Dr Kate Fielden 1944-2023

Rescue is this week reeling with shock and sadness at the news of the sudden death of Dr Kate Fielden on the 21st July following a very short illness. Kate has been a hugely important member of Rescue Council since 2006, and served as Vice-Chair between 2016 and 2021. She was committed and loyal, rarely missing a meeting and always a contributor to our consultation submissions and responses to government, no matter how busy she was with other matters. She also always led on the quality assurance of Rescue’s work, forever known to check its messaging, language and tone before submission. 

Those ‘other matters’ were of course Stonehenge to which she dedicated much of her life. She served as lead spokesperson and as secretary for the Stonehenge Alliance as well as being the Rescue representative.  Kate spent most of the last two decades campaigning for appropriate solutions to the A303 and Stonehenge dilemma. We have shared with her the lows and highs of government decisions and high court judgments. We were always impressed by how she maintained her determination to defend Stonehenge against such severe and irreparable damage, a cause she was working for up to the last, emailing us from her hospital bed even on the day she died. She was very distressed on the occasions when the Stonehenge campaign turned archaeologist against archaeologist and firmly believed that one could oppose the scheme but support the archaeologists undertaking the necessary investigations.
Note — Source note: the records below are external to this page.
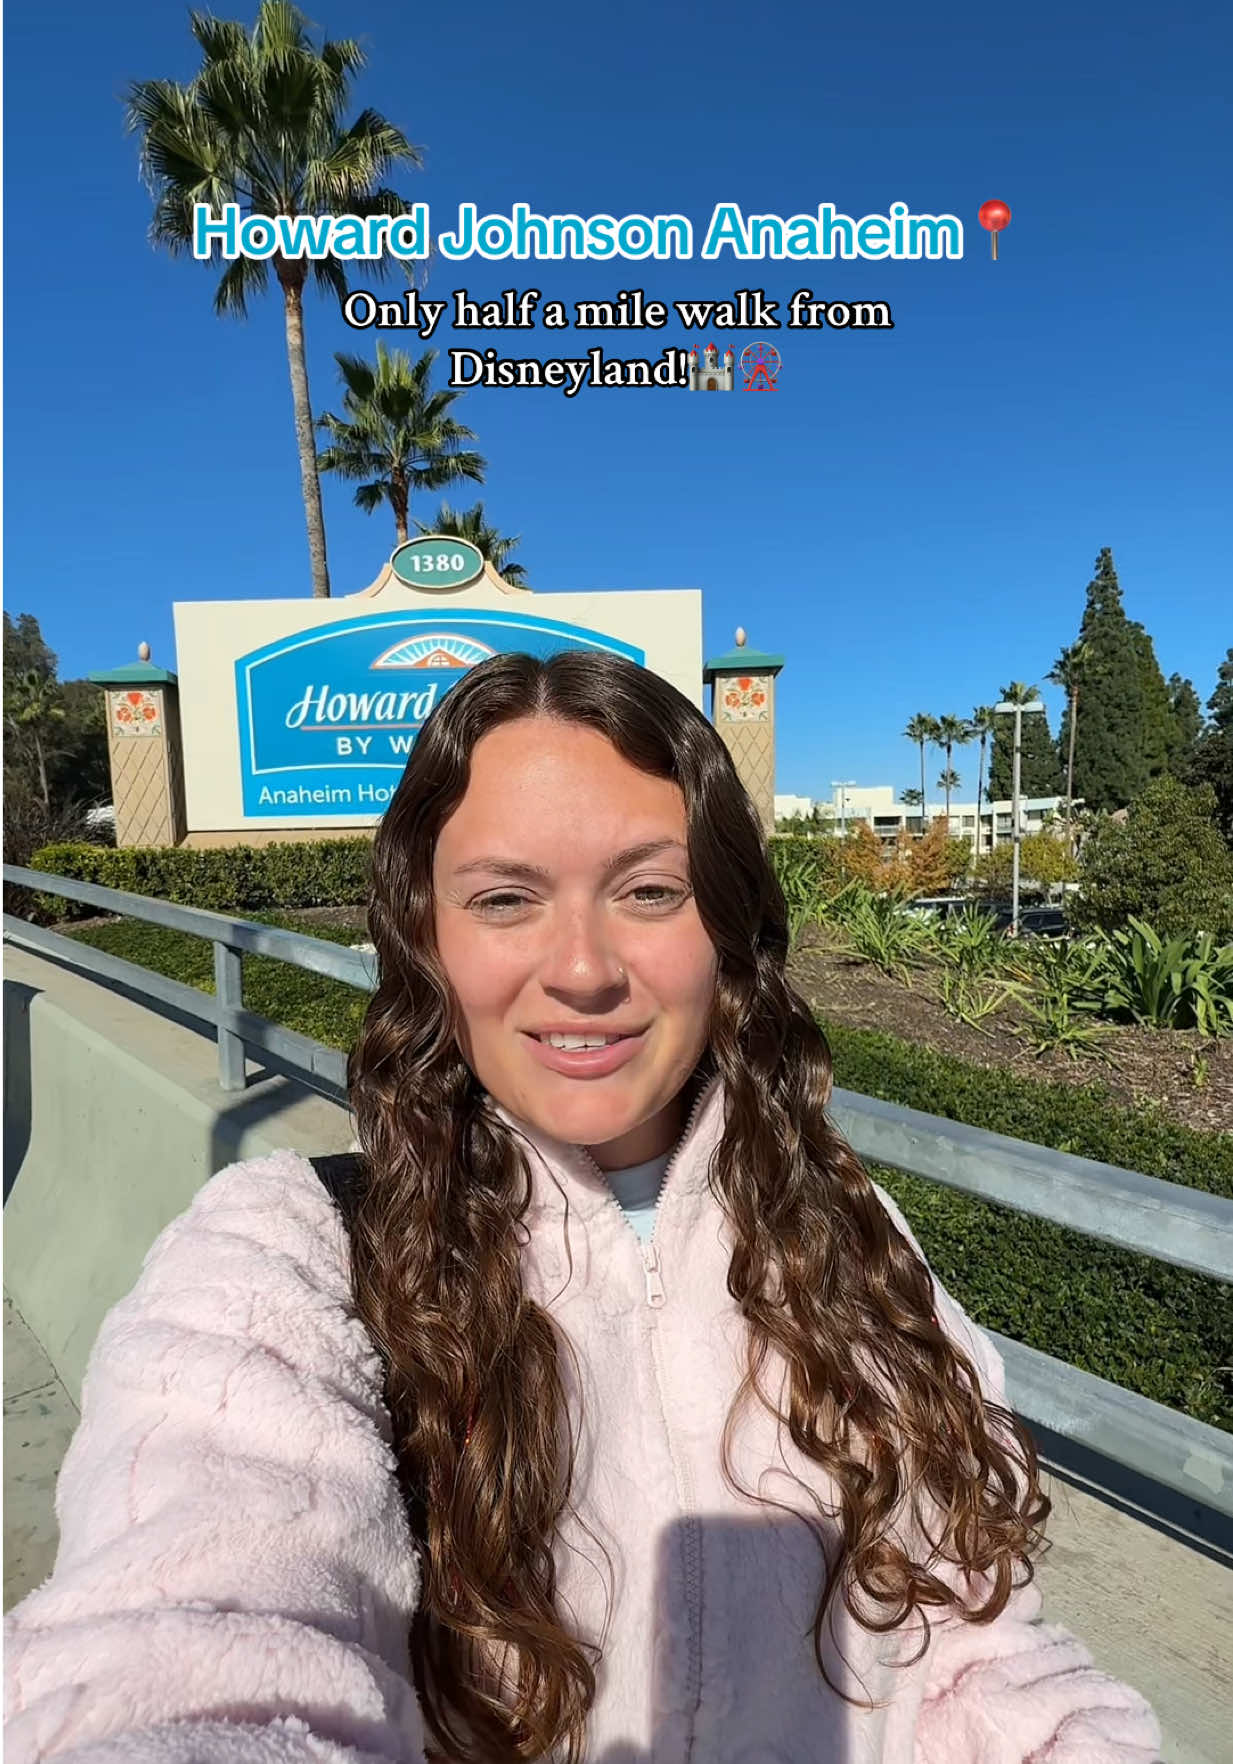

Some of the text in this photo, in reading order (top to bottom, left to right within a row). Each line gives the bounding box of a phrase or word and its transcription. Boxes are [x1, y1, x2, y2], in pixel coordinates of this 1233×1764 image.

[409, 553, 465, 573] 1380
[285, 683, 438, 729] Howard
[336, 736, 373, 756] BY
[258, 785, 352, 805] Anaheim
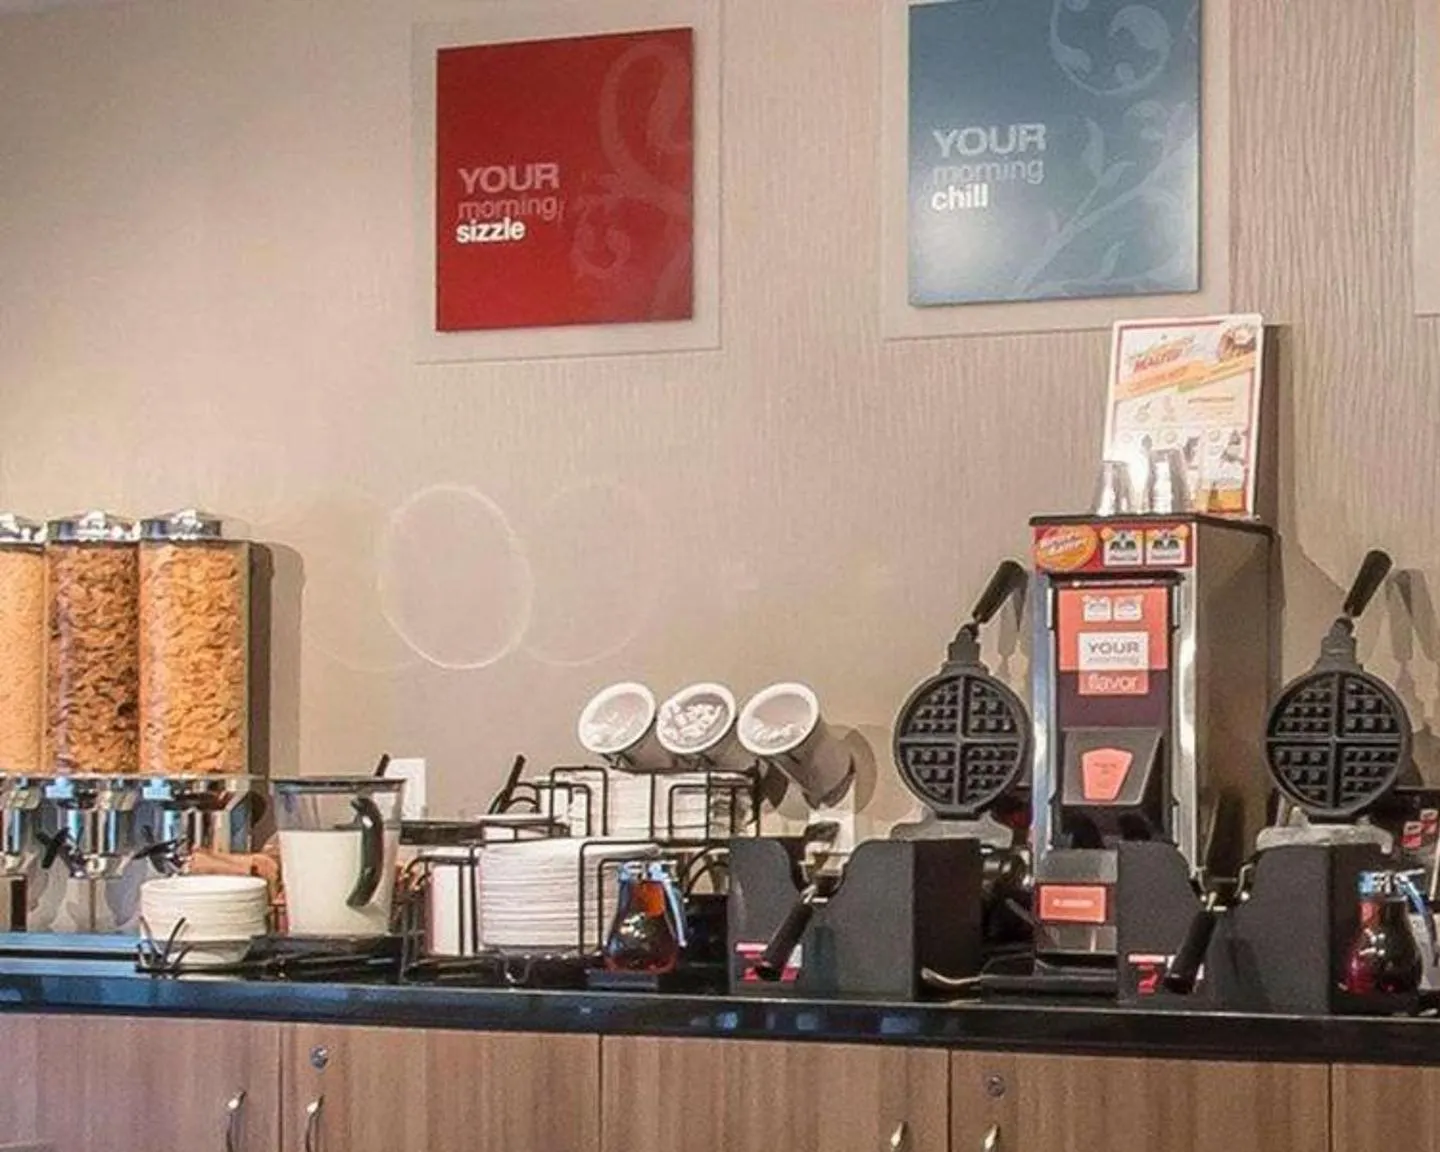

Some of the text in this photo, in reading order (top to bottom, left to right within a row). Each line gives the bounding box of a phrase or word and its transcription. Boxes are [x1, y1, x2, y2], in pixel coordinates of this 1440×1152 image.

[931, 122, 1047, 158] YOUR
[457, 162, 560, 195] YOUR
[932, 156, 1045, 185] morning
[457, 194, 558, 222] morning
[931, 183, 989, 211] chill
[456, 216, 526, 244] sizzle
[1087, 641, 1140, 654] YOUR
A distinctively English figure – clad in a long skirt and comfortable cardigan, and usually attending meetings carrying a traditional wicker basket containing her papers – her outward gentility disguised a steely and resolute core, unconcerned in the face of some apparently overwhelming resources stacked against the causes she championed. Rescue colleagues have been remembering her as ‘a great and committed campaigner’, ‘the centre of gravity for Rescue Council’, ‘kind and principled’, ‘tenacious’, ‘measured’, ‘articulate’. We cannot express the level of our devastation at her loss and the responsibility we have to attempt to preserve her legacy, but we give grateful thanks for the time she shared with us and the contribution she made to serve and protect the heritage sites and issues she held most dear. 

Our thoughts are with her family, many friends and archaeologists from across the world all of whom will be poorer for her loss.